(Directions):
Give back the exact lines of the material below from the one containing "this 1500×1334 image." through the one containing "this 1200×1600 image.", and no pictures.

━━━ Material supplied

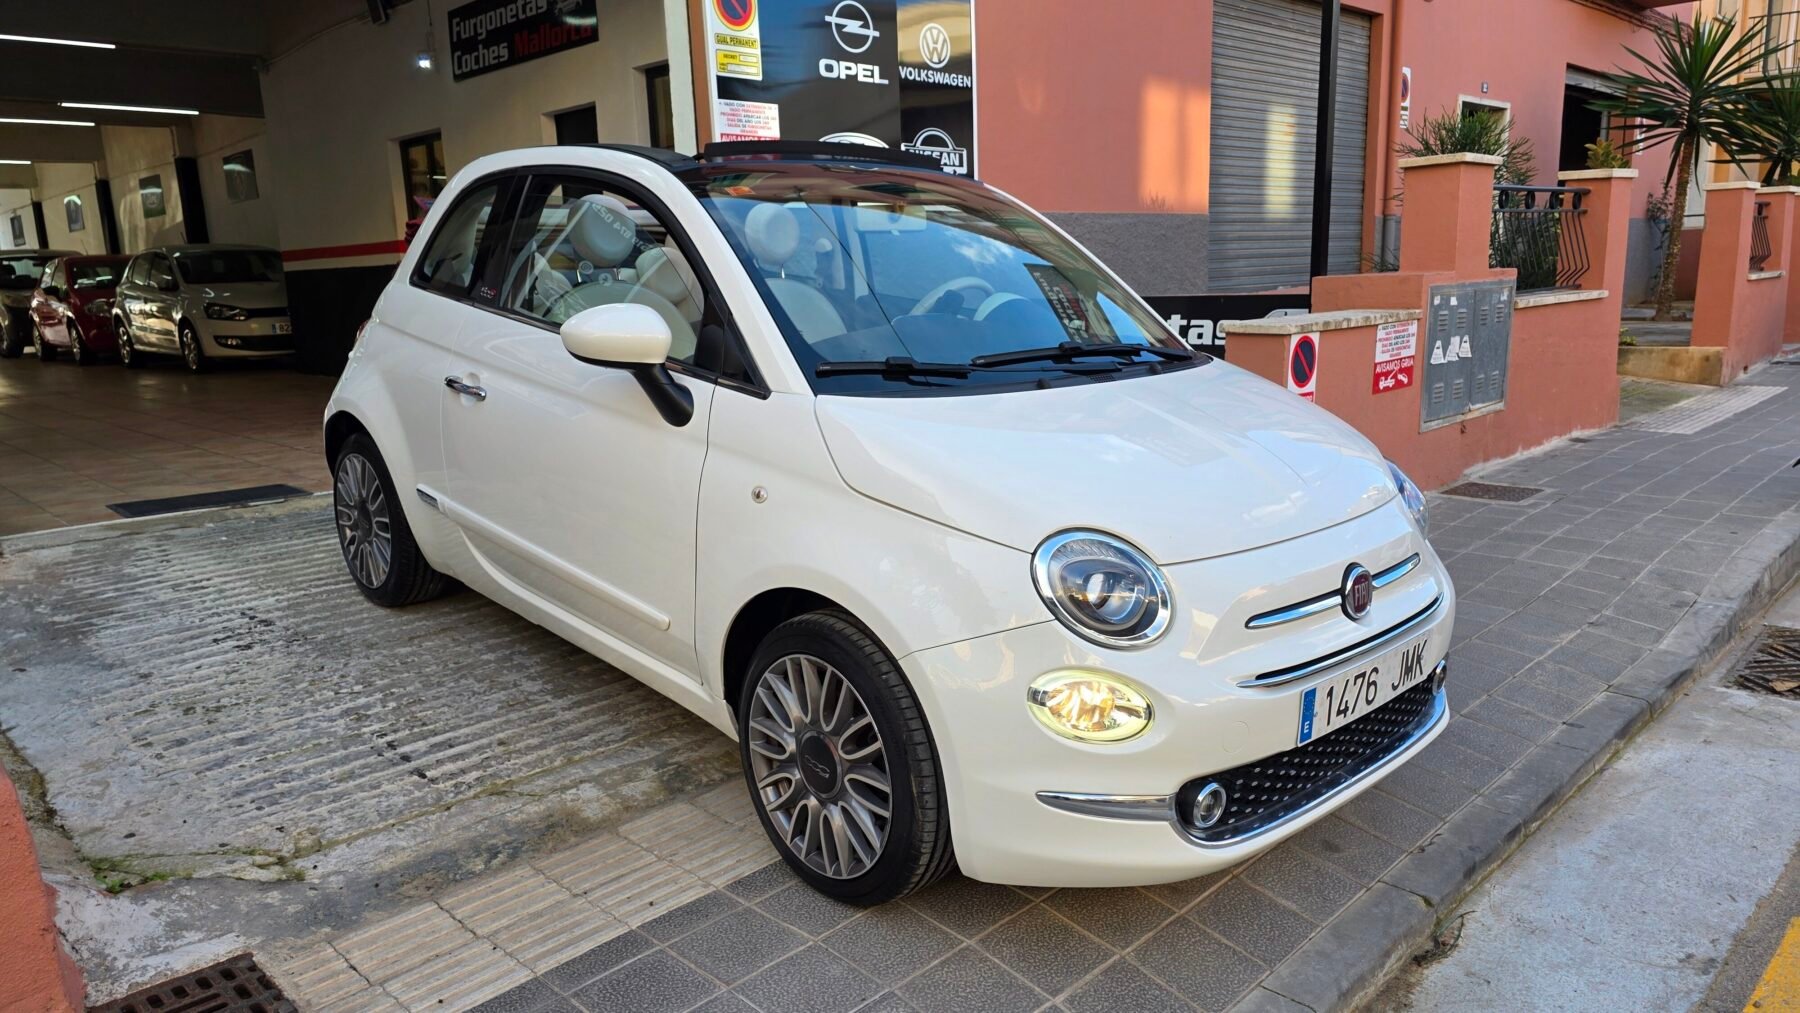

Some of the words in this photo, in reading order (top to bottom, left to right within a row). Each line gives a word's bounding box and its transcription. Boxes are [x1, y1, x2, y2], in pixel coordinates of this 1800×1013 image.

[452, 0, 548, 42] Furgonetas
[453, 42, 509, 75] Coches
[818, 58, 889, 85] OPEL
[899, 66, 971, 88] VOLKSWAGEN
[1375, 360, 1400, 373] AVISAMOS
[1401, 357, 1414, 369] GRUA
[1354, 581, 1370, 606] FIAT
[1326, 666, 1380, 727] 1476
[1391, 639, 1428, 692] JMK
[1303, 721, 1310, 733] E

━━━━━━
━━━ Material supplied

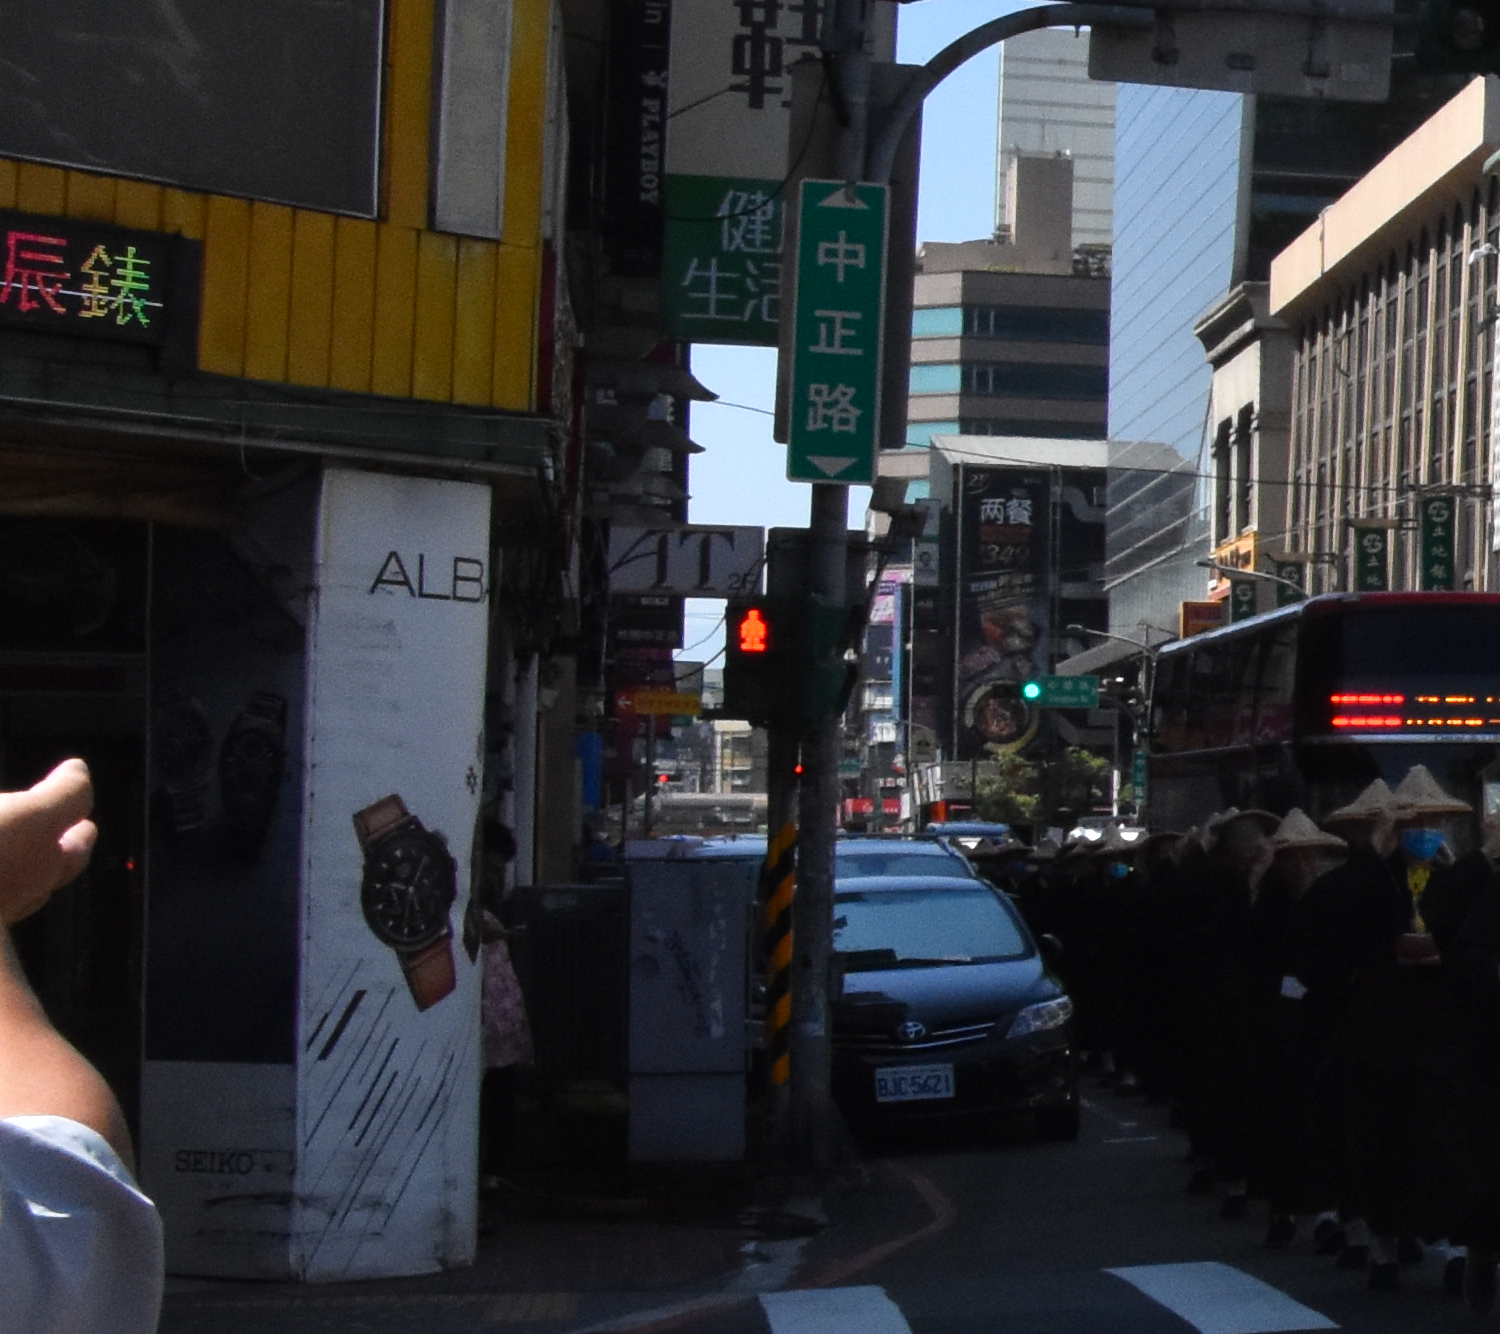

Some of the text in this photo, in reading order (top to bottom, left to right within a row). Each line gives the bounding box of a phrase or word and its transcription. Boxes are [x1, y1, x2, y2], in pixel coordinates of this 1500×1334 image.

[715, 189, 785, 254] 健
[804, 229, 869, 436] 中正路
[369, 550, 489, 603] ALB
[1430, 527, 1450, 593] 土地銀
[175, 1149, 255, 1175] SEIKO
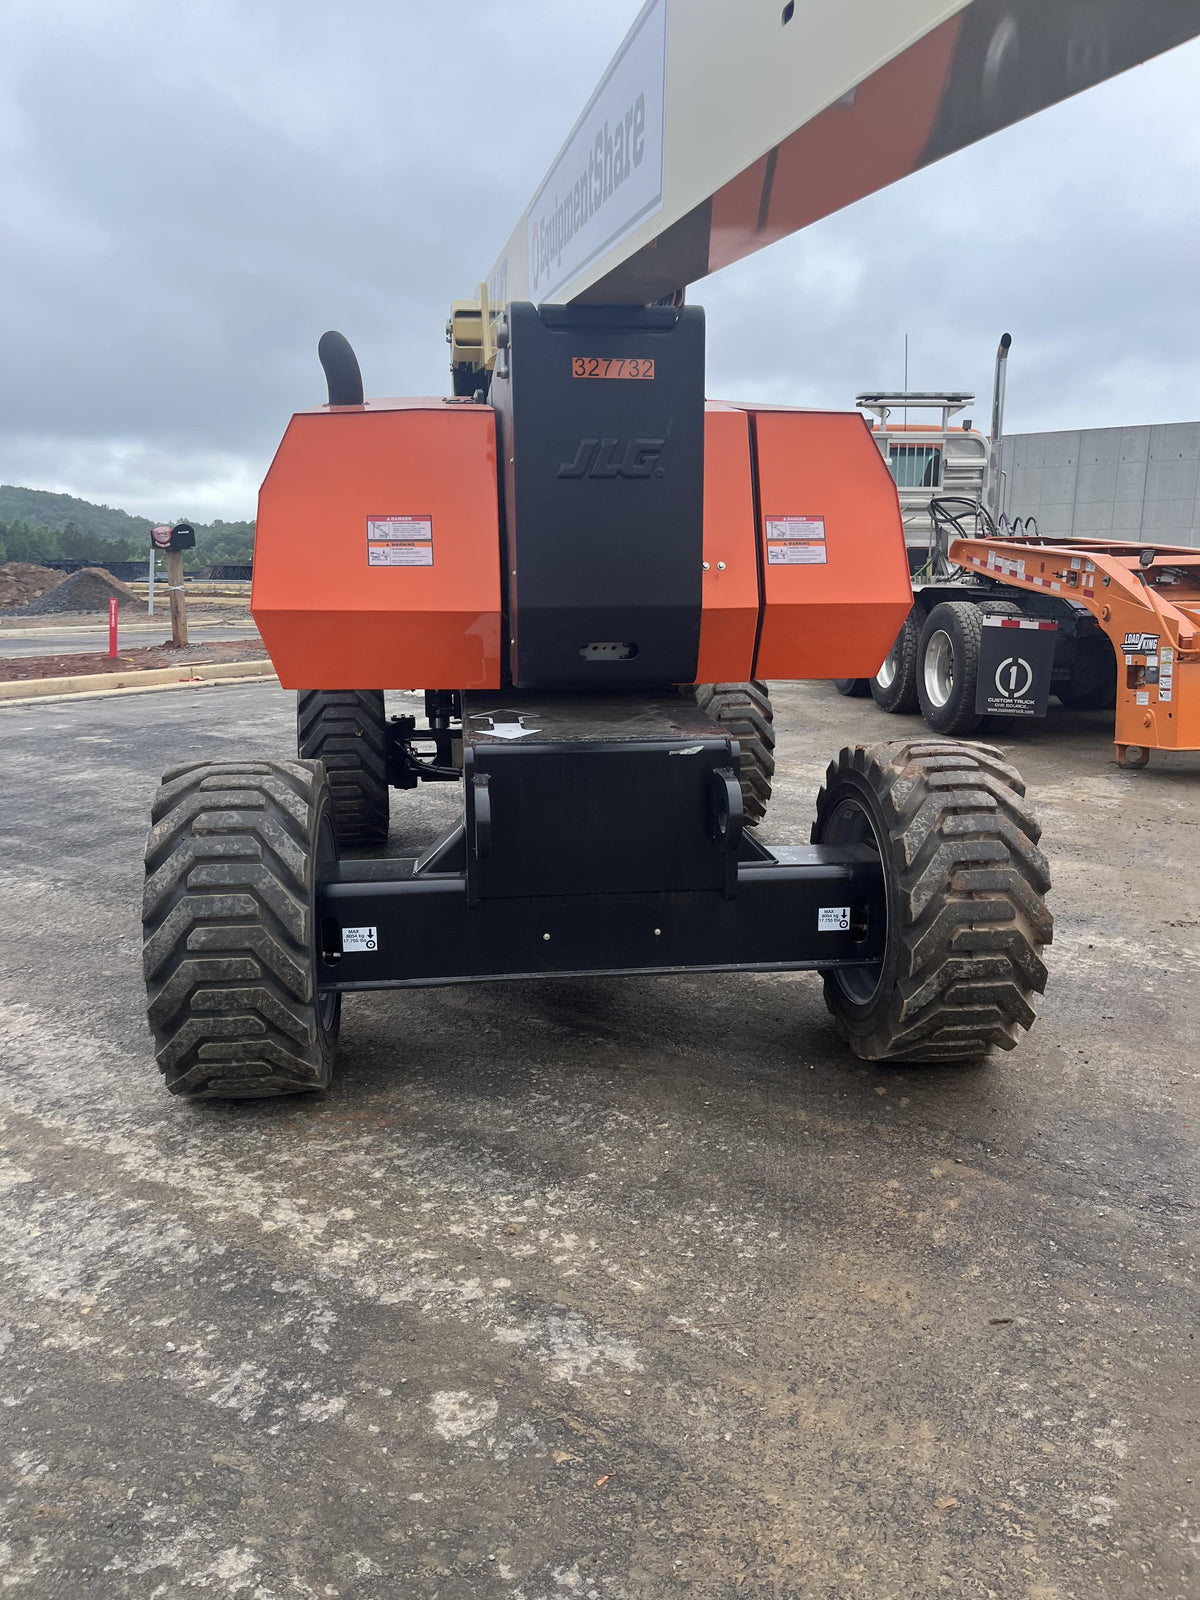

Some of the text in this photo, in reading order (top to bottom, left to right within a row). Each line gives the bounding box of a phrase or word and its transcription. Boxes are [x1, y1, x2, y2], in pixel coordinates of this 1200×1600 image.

━━━━━━

(Response to the exercise):
Some of the text in this photo, in reading order (top to bottom, left to right within a row). Each line gives the bounding box of a phrase or word and its transcription. Boxes are [x1, y1, x2, y2], in pixel coordinates of this 1500×1334 image.

[715, 189, 785, 254] 健
[804, 229, 869, 436] 中正路
[369, 550, 489, 603] ALB
[1430, 527, 1450, 593] 土地銀
[175, 1149, 255, 1175] SEIKO

Some of the text in this photo, in reading order (top to bottom, left to right within a row). Each line gives the bounding box of a phrase or word and its transcription. Boxes are [x1, y1, x2, y2], in pixel coordinates of this 1200×1600 image.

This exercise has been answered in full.